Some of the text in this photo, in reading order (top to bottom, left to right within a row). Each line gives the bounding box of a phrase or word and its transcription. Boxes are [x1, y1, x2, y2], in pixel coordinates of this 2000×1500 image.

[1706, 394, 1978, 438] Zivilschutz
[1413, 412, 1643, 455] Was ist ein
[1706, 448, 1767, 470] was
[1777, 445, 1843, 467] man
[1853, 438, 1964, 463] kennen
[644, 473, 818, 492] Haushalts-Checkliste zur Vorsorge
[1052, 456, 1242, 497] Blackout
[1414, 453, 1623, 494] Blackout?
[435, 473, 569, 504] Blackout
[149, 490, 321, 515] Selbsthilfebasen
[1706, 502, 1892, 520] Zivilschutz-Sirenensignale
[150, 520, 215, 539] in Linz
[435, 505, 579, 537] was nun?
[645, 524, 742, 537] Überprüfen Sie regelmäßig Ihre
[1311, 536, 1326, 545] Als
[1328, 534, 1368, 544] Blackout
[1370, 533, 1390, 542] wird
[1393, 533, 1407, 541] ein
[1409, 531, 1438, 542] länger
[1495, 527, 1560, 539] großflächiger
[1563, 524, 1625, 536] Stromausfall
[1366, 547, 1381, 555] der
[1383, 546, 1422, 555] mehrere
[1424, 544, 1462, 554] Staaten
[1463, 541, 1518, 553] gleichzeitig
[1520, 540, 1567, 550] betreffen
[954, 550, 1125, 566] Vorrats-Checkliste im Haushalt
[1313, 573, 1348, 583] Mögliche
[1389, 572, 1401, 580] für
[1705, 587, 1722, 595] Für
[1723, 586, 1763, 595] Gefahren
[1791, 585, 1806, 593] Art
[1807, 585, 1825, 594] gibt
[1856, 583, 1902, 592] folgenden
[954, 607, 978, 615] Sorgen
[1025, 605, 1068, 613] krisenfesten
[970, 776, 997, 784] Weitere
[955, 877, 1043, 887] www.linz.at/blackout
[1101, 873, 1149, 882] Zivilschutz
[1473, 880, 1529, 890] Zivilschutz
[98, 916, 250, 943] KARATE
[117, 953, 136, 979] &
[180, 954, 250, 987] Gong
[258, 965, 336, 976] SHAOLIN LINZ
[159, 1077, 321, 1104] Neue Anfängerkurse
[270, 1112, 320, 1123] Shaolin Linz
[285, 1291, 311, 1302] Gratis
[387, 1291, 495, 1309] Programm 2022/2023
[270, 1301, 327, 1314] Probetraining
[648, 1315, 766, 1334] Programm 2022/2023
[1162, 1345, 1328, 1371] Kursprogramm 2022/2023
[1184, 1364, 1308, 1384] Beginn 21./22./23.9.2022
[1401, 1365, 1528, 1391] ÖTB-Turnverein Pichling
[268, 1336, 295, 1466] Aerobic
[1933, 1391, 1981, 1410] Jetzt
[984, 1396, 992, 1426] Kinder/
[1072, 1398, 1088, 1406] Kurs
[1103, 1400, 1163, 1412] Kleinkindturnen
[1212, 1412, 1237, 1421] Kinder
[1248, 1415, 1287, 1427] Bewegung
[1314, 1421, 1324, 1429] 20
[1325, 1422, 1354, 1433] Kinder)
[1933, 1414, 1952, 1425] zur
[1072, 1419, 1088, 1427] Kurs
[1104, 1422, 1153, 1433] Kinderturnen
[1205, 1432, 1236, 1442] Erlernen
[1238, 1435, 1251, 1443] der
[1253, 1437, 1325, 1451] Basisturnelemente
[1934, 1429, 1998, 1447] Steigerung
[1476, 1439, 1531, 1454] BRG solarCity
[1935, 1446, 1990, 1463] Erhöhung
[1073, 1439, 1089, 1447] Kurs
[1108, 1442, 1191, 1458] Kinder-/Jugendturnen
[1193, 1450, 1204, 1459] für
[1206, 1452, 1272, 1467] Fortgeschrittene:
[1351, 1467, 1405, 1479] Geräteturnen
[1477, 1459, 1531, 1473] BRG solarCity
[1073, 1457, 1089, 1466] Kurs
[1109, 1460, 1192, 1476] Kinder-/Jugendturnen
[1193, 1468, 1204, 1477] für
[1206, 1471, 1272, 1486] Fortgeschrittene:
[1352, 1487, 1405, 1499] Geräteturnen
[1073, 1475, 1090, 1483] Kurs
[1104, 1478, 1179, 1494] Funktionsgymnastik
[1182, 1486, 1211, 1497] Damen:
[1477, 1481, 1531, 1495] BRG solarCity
--
### TASK DESCRIPTION
Set down the records again in full. Match them exactly.

### REPLY TO THE EXERCISE
Some of the text in this photo, in reading order (top to bottom, left to right within a row). Each line gives the bounding box of a phrase or word and its transcription. Boxes are [x1, y1, x2, y2], in pixel coordinates of this 2000×1500 image.

[1706, 394, 1978, 438] Zivilschutz
[1413, 412, 1643, 455] Was ist ein
[1706, 448, 1767, 470] was
[1777, 445, 1843, 467] man
[1853, 438, 1964, 463] kennen
[644, 473, 818, 492] Haushalts-Checkliste zur Vorsorge
[1052, 456, 1242, 497] Blackout
[1414, 453, 1623, 494] Blackout?
[435, 473, 569, 504] Blackout
[149, 490, 321, 515] Selbsthilfebasen
[1706, 502, 1892, 520] Zivilschutz-Sirenensignale
[150, 520, 215, 539] in Linz
[435, 505, 579, 537] was nun?
[645, 524, 742, 537] Überprüfen Sie regelmäßig Ihre
[1311, 536, 1326, 545] Als
[1328, 534, 1368, 544] Blackout
[1370, 533, 1390, 542] wird
[1393, 533, 1407, 541] ein
[1409, 531, 1438, 542] länger
[1495, 527, 1560, 539] großflächiger
[1563, 524, 1625, 536] Stromausfall
[1366, 547, 1381, 555] der
[1383, 546, 1422, 555] mehrere
[1424, 544, 1462, 554] Staaten
[1463, 541, 1518, 553] gleichzeitig
[1520, 540, 1567, 550] betreffen
[954, 550, 1125, 566] Vorrats-Checkliste im Haushalt
[1313, 573, 1348, 583] Mögliche
[1389, 572, 1401, 580] für
[1705, 587, 1722, 595] Für
[1723, 586, 1763, 595] Gefahren
[1791, 585, 1806, 593] Art
[1807, 585, 1825, 594] gibt
[1856, 583, 1902, 592] folgenden
[954, 607, 978, 615] Sorgen
[1025, 605, 1068, 613] krisenfesten
[970, 776, 997, 784] Weitere
[955, 877, 1043, 887] www.linz.at/blackout
[1101, 873, 1149, 882] Zivilschutz
[1473, 880, 1529, 890] Zivilschutz
[98, 916, 250, 943] KARATE
[117, 953, 136, 979] &
[180, 954, 250, 987] Gong
[258, 965, 336, 976] SHAOLIN LINZ
[159, 1077, 321, 1104] Neue Anfängerkurse
[270, 1112, 320, 1123] Shaolin Linz
[285, 1291, 311, 1302] Gratis
[387, 1291, 495, 1309] Programm 2022/2023
[270, 1301, 327, 1314] Probetraining
[648, 1315, 766, 1334] Programm 2022/2023
[1162, 1345, 1328, 1371] Kursprogramm 2022/2023
[1184, 1364, 1308, 1384] Beginn 21./22./23.9.2022
[1401, 1365, 1528, 1391] ÖTB-Turnverein Pichling
[268, 1336, 295, 1466] Aerobic
[1933, 1391, 1981, 1410] Jetzt
[984, 1396, 992, 1426] Kinder/
[1072, 1398, 1088, 1406] Kurs
[1103, 1400, 1163, 1412] Kleinkindturnen
[1212, 1412, 1237, 1421] Kinder
[1248, 1415, 1287, 1427] Bewegung
[1314, 1421, 1324, 1429] 20
[1325, 1422, 1354, 1433] Kinder)
[1933, 1414, 1952, 1425] zur
[1072, 1419, 1088, 1427] Kurs
[1104, 1422, 1153, 1433] Kinderturnen
[1205, 1432, 1236, 1442] Erlernen
[1238, 1435, 1251, 1443] der
[1253, 1437, 1325, 1451] Basisturnelemente
[1934, 1429, 1998, 1447] Steigerung
[1476, 1439, 1531, 1454] BRG solarCity
[1935, 1446, 1990, 1463] Erhöhung
[1073, 1439, 1089, 1447] Kurs
[1108, 1442, 1191, 1458] Kinder-/Jugendturnen
[1193, 1450, 1204, 1459] für
[1206, 1452, 1272, 1467] Fortgeschrittene:
[1351, 1467, 1405, 1479] Geräteturnen
[1477, 1459, 1531, 1473] BRG solarCity
[1073, 1457, 1089, 1466] Kurs
[1109, 1460, 1192, 1476] Kinder-/Jugendturnen
[1193, 1468, 1204, 1477] für
[1206, 1471, 1272, 1486] Fortgeschrittene:
[1352, 1487, 1405, 1499] Geräteturnen
[1073, 1475, 1090, 1483] Kurs
[1104, 1478, 1179, 1494] Funktionsgymnastik
[1182, 1486, 1211, 1497] Damen:
[1477, 1481, 1531, 1495] BRG solarCity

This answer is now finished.